→ **What you have to do**: Output each of the entries exactly, skipping every picture they contain.

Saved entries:
════════════════════

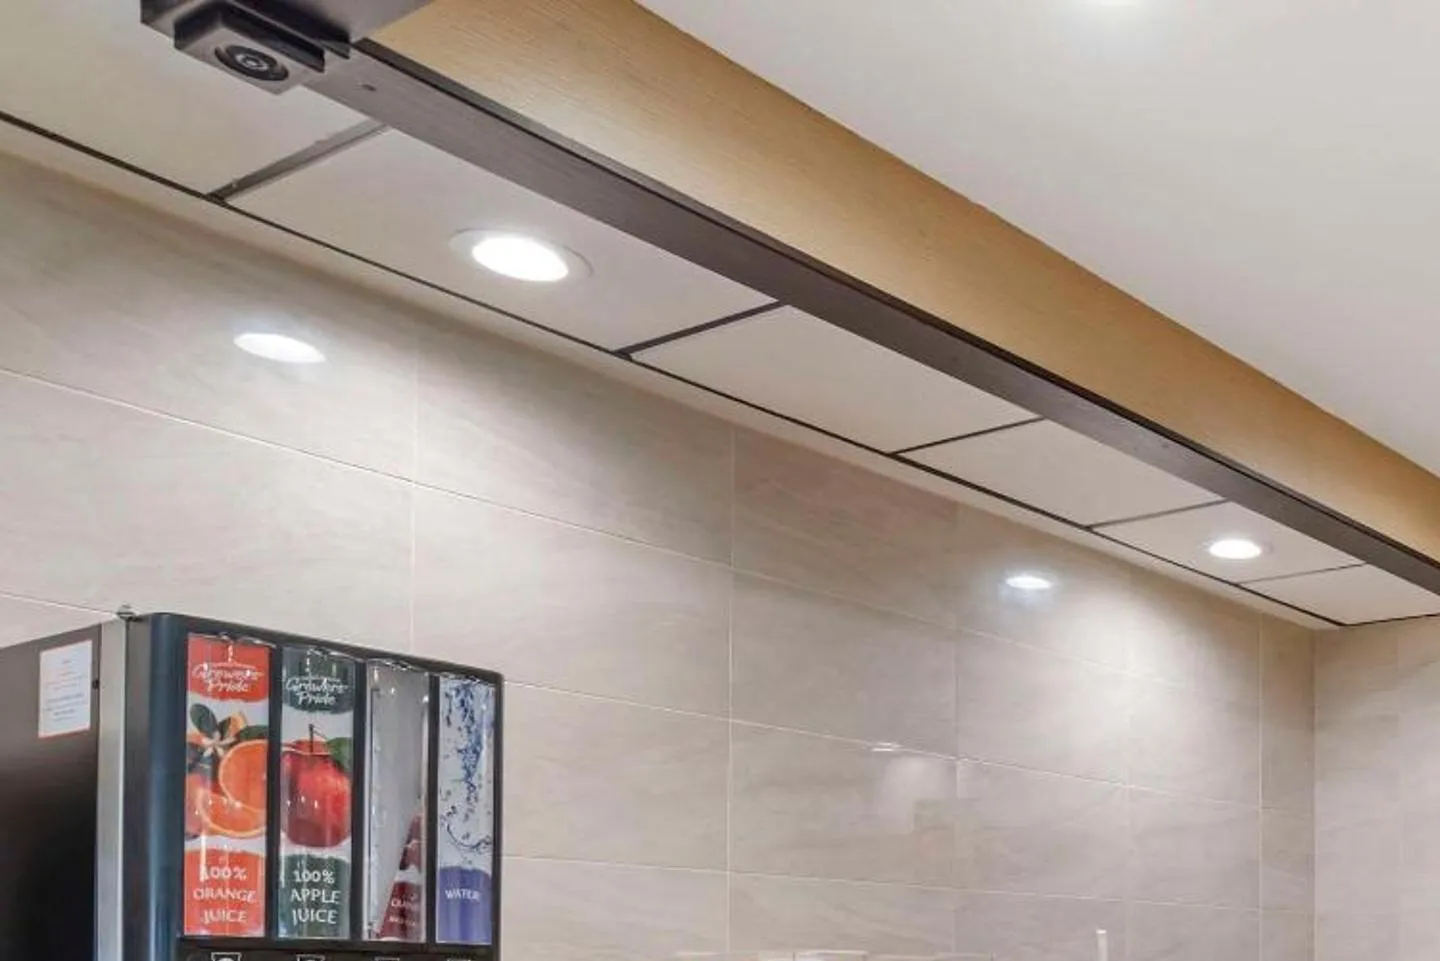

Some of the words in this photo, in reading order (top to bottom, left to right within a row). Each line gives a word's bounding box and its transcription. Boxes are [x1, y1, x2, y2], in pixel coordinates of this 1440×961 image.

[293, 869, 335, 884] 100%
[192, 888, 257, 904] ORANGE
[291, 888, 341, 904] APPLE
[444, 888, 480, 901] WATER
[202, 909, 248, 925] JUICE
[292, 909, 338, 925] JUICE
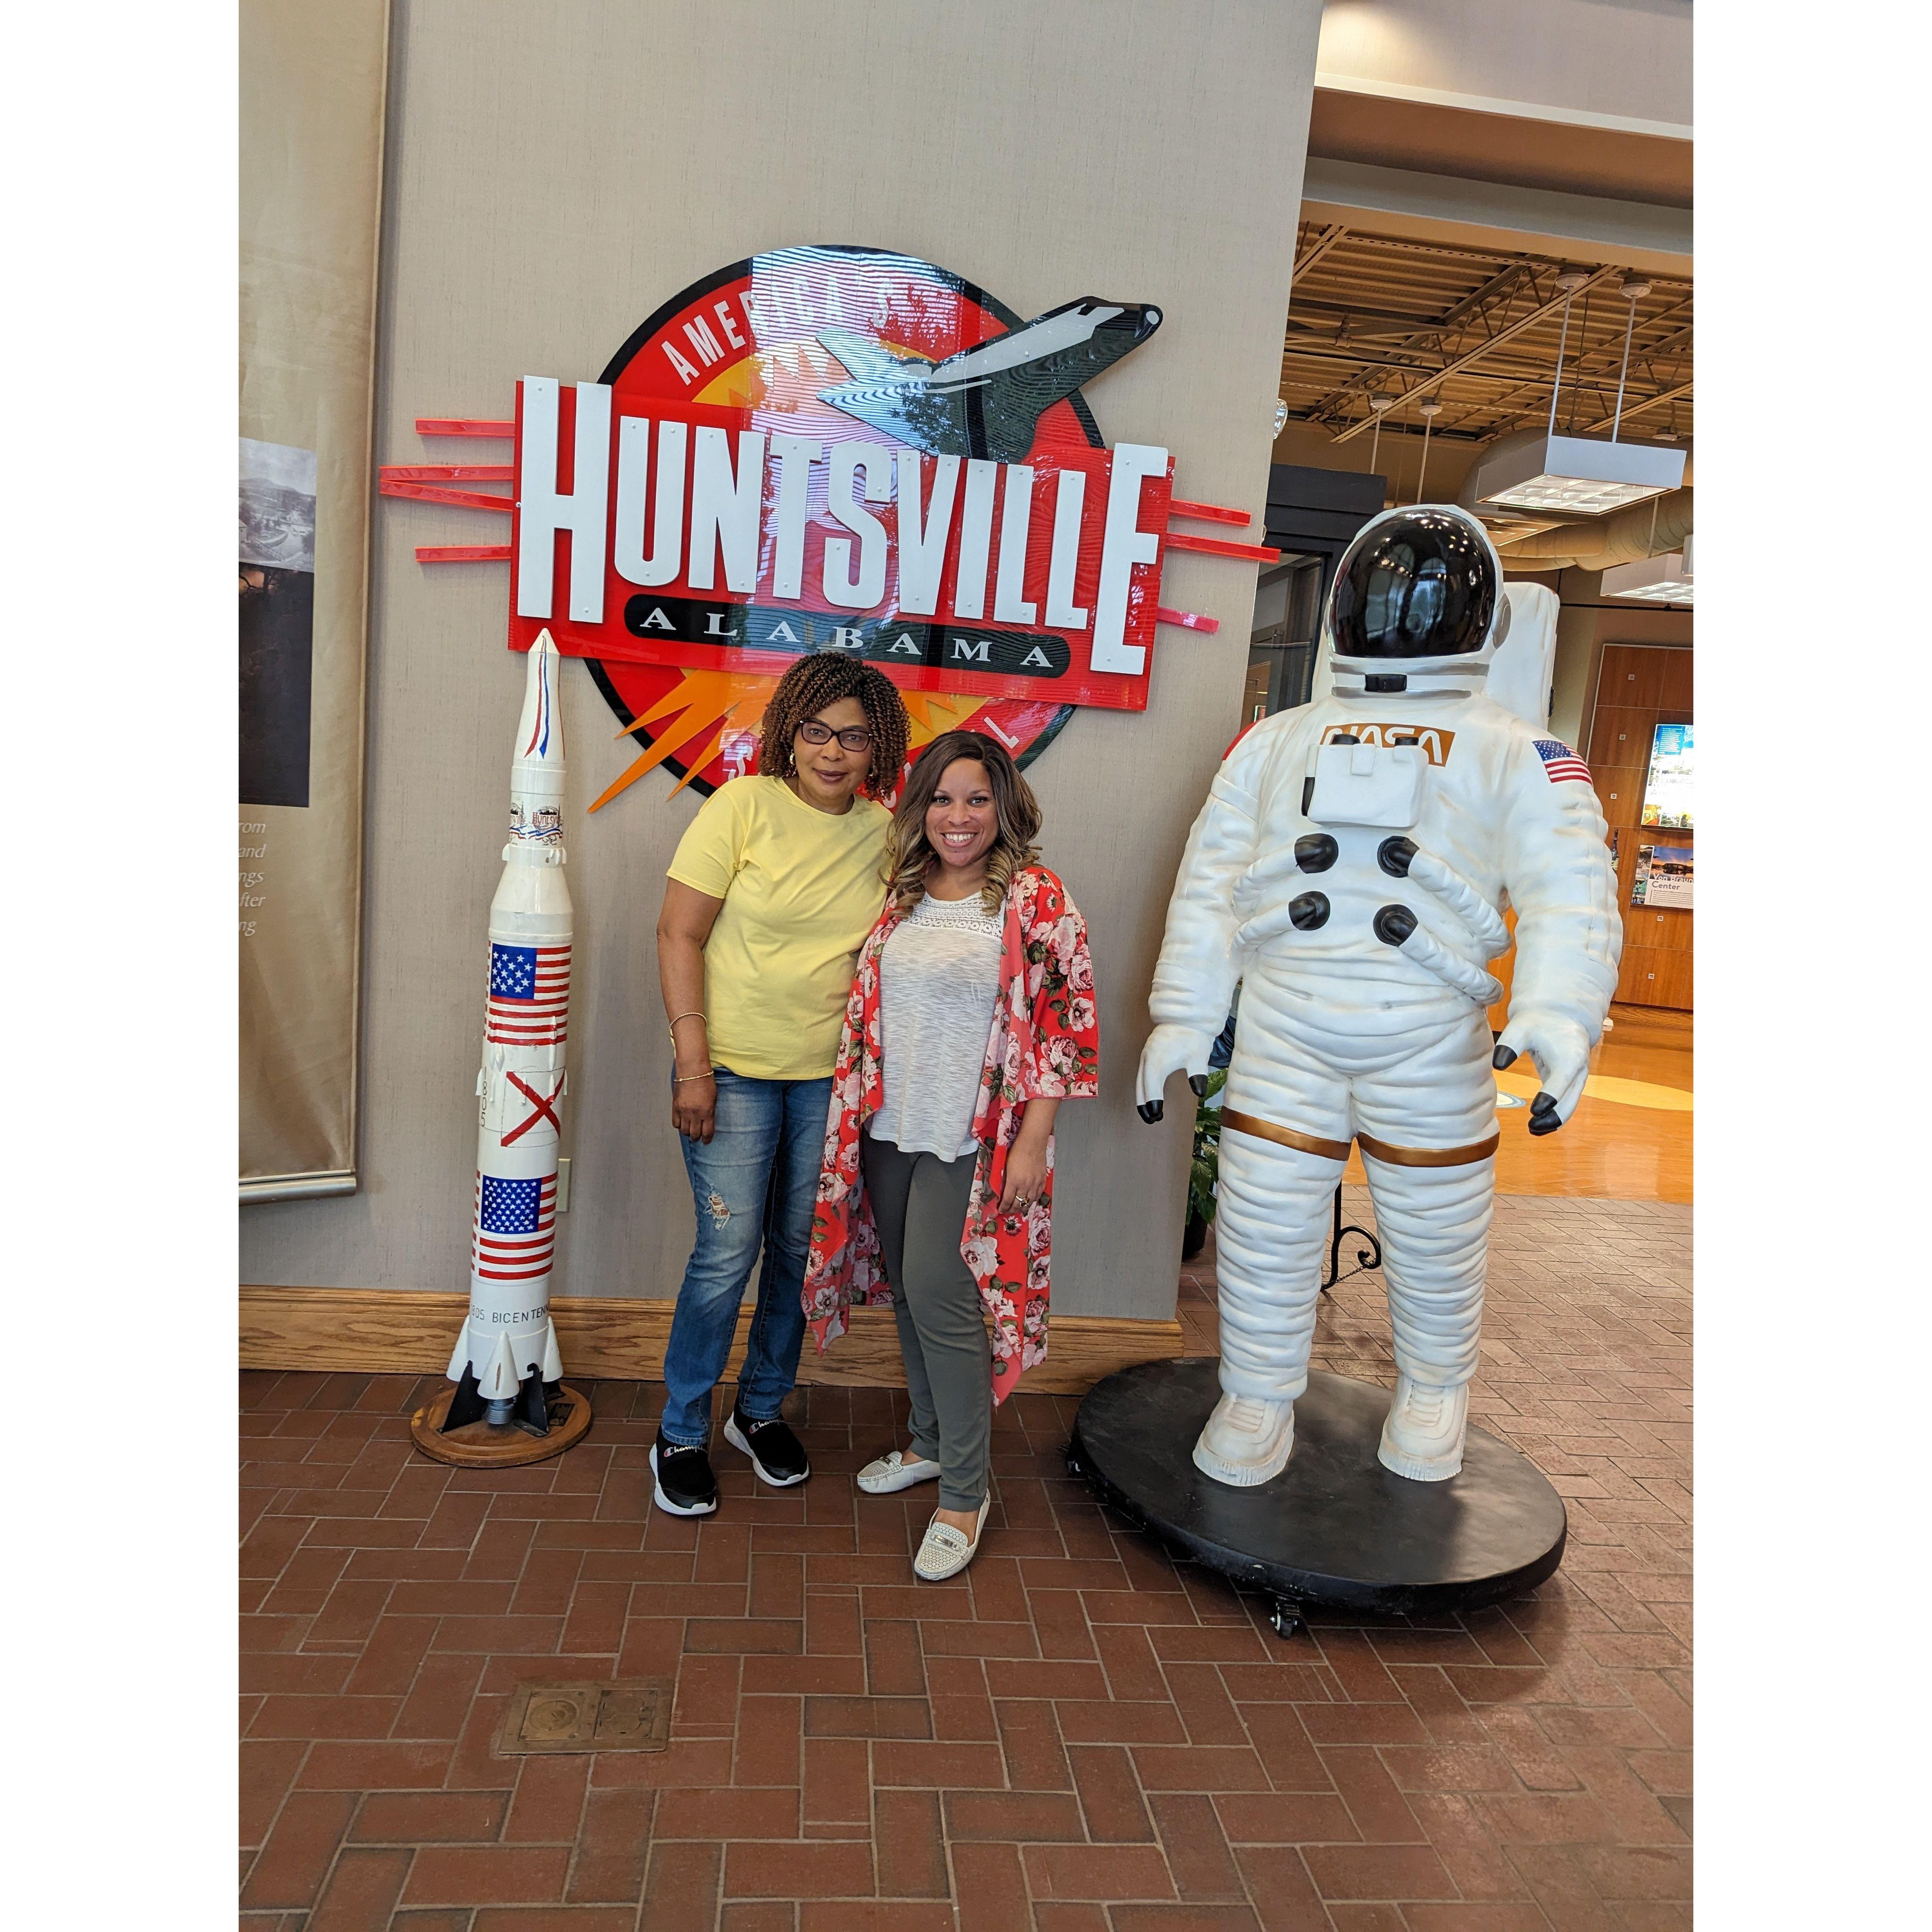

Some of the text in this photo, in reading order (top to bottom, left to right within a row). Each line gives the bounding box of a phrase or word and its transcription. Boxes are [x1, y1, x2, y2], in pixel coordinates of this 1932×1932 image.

════════════════════

→ **Answer to this problem**:
Some of the words in this photo, in reading order (top to bottom, left to right within a row). Each line gives a word's bounding box and its transcription. Boxes are [x1, y1, x2, y2], in pixel coordinates of this 1440×961 image.

[293, 869, 335, 884] 100%
[192, 888, 257, 904] ORANGE
[291, 888, 341, 904] APPLE
[444, 888, 480, 901] WATER
[202, 909, 248, 925] JUICE
[292, 909, 338, 925] JUICE

Some of the text in this photo, in reading order (top to bottom, left to right within a row). Each line gives the bounding box of a phrase or word and its transcription. Boxes are [x1, y1, x2, y2], in pixel coordinates of this 1932×1932 image.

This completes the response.